Más pronto que tarde recogimos todo y para casa, un baño de casi una hora, para desinfectarme bien, una sopa caliente y una cama limpia y mullida, que la del hospital estaba realmente incómoda, más bien era una camilla convertida en cama, estrecha y con un colchón durísimo en el que había que mantenerse en una sola posición.
Al día siguiente, y con la casa llena de amigos, llaman del hospital que fuera urgente, que la analítica había que repetirla… Vuelta a buscar un transporte o un amigo que nos llevara.  Iba dispuesta a que fuera lo que fuera allí no me quedaba más.
De nuevo a la sala de terapia, otra vez al laboratorio, otra muestra y resultó que… estaba equivocado el resultado anterior, y era suficiente para reponerme en casa.  Reposo por 15 o más días, y nada de jardín…por si otro infeliz mosquito se equivocaba de rumbo y venía de nuevo a parar a mis hematíes, que no inmuniza tener la enfermedad una vez.
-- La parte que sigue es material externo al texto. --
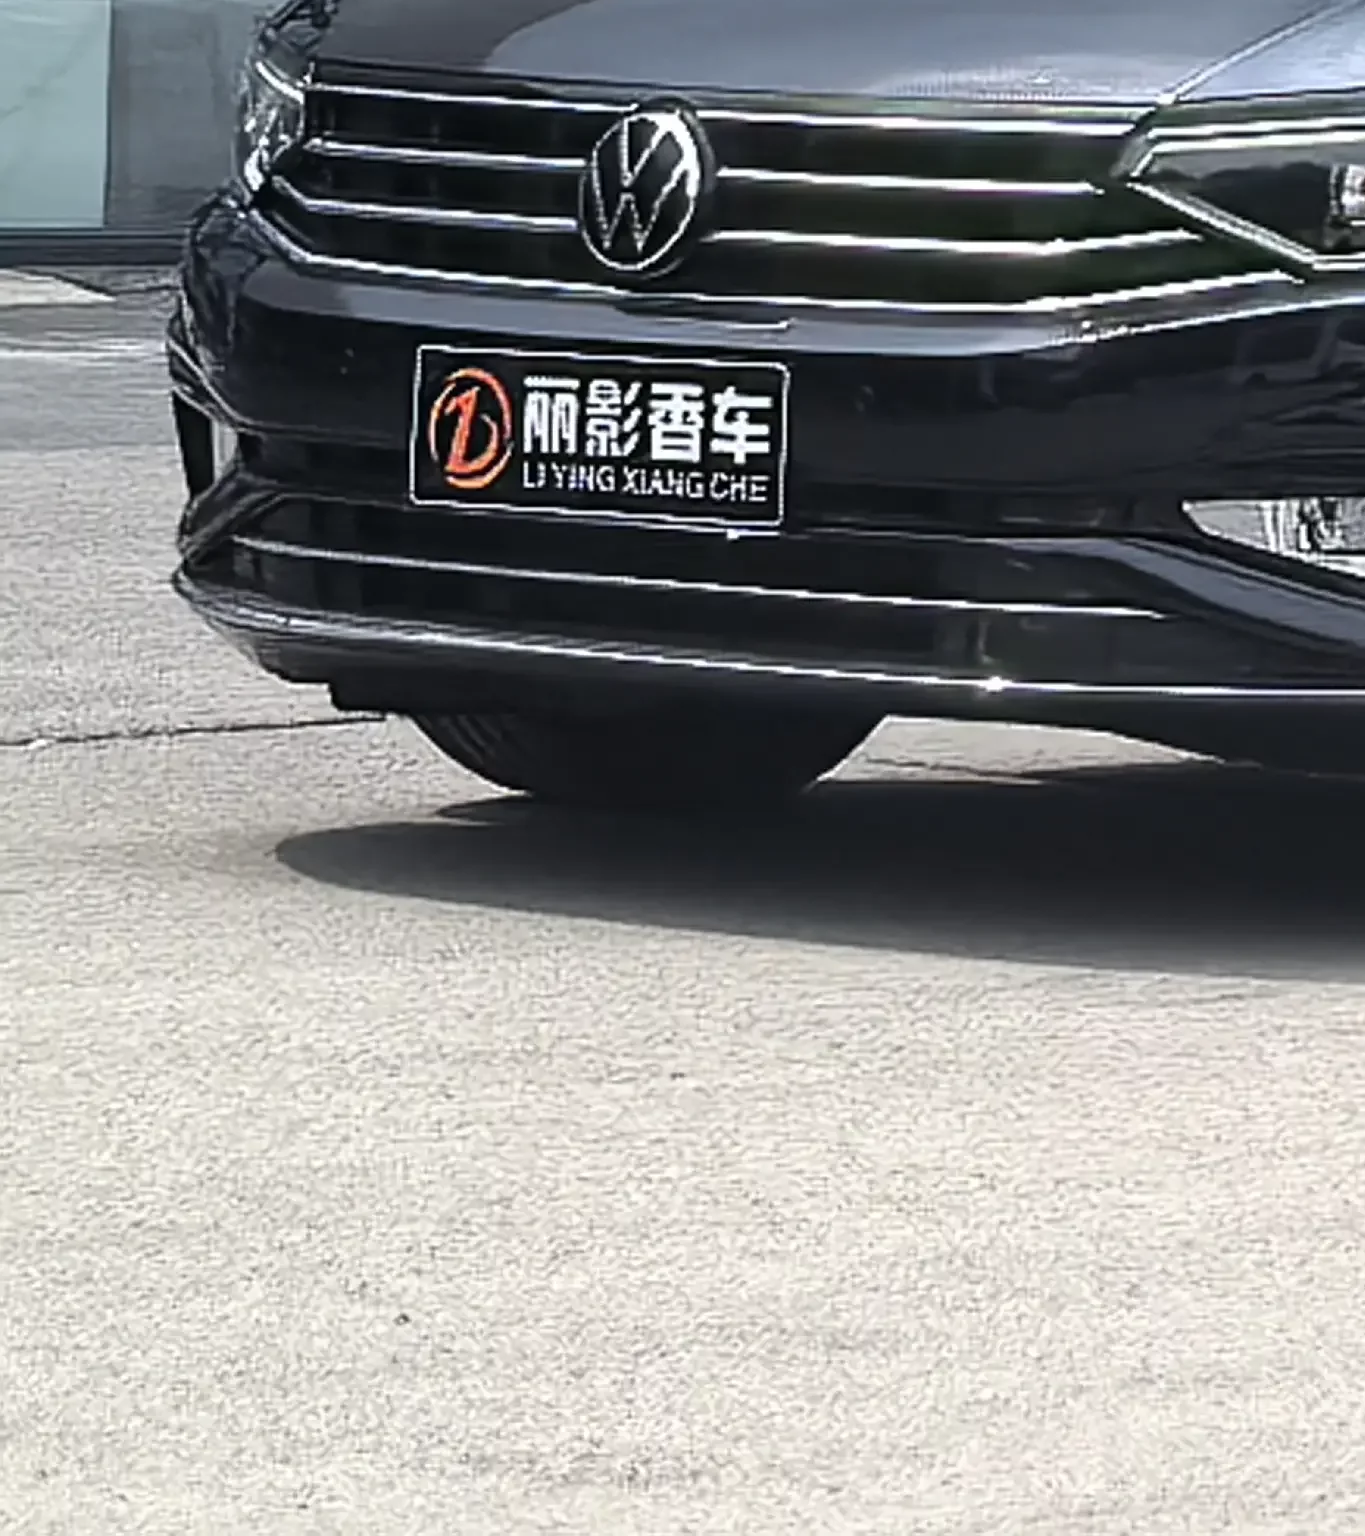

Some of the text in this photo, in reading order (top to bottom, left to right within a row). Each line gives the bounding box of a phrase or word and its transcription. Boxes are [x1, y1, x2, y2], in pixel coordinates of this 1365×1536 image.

[522, 375, 775, 465] 丽影香车
[550, 461, 616, 493] YING
[622, 464, 705, 500] XIANG
[709, 471, 771, 502] CHE
No contabilicé lo que representó dar viajes en autos de alquiler privados, porque los estatales no están disponibles, llevando comidas. Las veces que fue necesario ir a hospitales, laboratorios, policlínicos, y demás.  La modesta pensión de dos profesionales jubilados, no alcanzó para cubrir la mitad de los gastos. 
Estoy lejos de esos días, pero no dejo de pensar en cómo se podrá combatir este nuevo virus desconocido, insidioso, agresivo, por muy buenas intenciones y empeño que la salud pública ponga en juego, sin la protección adecuada, sin los recursos materiales, con instalaciones deterioradas al extremo de no contar, en su mayoría, ni con agua en sus redes hidráulicas, sin la alimentación requerida no solo para los enfermos, sino para el personal de asistencia, médicos, enfermeros, técnicos.     Será un milagro que espero que ocurra por el bien de todos.